Dans ce livre, ces auteurs nous révèlent que dans le nouveau Testament, les références données à Jésus comme étant le fils de Dieu sont essentiellement d'ordre poétique et ne doivent en aucun cas être prises à la lettre. Ils expliquent que Jésus n'a jamais prétendu être de nature Divine. Mais en fait, ce fut au cours des premiers temps de l'ère Chrétienne que cette nature Divine fut promulguée, sous l'influence d'idées païennes.

Chret06 est il conscient de la contradiction qu'il a porté au coeur de son système ? La cohérence n'est pas sans doute pas sa principale préoccupation.


Au chapitre de la traduction mal maîtrisée, citons la référence à "Lucian de Samosata, romain satirique +200". On reconstitue sans peine l'original anglais (Lucian of Samosata, Roman satirist). Chret06 ne pouvait pas savoir qu'en français on dirait plutôt : "Lucien de Samosate, satiriste latin", mais il aurait pu contrôler dans une encyclopédie. Il aurait alors découvert que Lucien est un satiriste grec, dont les dates usuellement retenues sont 125-180.

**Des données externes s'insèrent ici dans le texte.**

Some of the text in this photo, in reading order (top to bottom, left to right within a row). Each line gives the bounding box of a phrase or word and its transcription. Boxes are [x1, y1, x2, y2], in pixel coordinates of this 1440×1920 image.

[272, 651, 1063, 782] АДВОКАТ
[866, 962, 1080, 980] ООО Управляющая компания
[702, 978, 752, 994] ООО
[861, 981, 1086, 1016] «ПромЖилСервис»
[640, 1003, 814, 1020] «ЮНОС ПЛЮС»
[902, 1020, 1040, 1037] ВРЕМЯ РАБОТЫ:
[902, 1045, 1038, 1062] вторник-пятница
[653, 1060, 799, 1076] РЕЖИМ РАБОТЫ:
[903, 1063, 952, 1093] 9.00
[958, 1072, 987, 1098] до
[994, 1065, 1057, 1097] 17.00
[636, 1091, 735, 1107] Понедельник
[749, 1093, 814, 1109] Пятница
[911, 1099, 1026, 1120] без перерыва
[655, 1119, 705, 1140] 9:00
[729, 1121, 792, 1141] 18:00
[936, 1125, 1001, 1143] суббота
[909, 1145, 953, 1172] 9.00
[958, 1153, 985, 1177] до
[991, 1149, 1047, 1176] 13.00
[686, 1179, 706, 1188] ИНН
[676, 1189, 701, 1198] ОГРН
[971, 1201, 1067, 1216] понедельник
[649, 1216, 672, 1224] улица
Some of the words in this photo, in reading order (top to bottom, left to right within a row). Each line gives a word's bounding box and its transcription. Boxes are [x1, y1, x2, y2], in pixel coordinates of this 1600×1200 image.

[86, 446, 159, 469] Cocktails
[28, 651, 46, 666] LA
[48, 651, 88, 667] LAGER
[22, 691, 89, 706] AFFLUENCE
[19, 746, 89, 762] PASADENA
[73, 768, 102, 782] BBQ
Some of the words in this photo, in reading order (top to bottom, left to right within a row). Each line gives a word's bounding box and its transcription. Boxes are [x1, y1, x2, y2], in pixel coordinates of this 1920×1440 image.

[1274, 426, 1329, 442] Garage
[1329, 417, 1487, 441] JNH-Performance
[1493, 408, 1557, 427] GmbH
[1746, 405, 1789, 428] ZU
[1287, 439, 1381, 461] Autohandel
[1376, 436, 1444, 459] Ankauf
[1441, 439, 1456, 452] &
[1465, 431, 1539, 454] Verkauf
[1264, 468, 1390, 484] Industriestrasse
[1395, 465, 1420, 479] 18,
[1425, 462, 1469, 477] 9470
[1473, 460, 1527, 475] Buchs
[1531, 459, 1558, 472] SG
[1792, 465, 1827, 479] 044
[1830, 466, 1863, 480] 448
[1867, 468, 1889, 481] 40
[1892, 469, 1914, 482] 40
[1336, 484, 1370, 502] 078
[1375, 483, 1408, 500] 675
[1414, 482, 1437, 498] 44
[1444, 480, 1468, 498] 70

Voilà ce que c'est que de copier sur internet sans vérifier.


Au chapitre "je parle de ce que je ne connais pas", à la date de 69-70 :

Ecriture du livre de l'Apocalypse Jésus de Nazareth n'est fait mention nulle part dans ce livre écrit 40 ans après sa "mort" par ses serviteurs. Source : "Le Nouveau testament"

L'auteur de cette notice n'a pas pris la peine de lire l'Apocalypse.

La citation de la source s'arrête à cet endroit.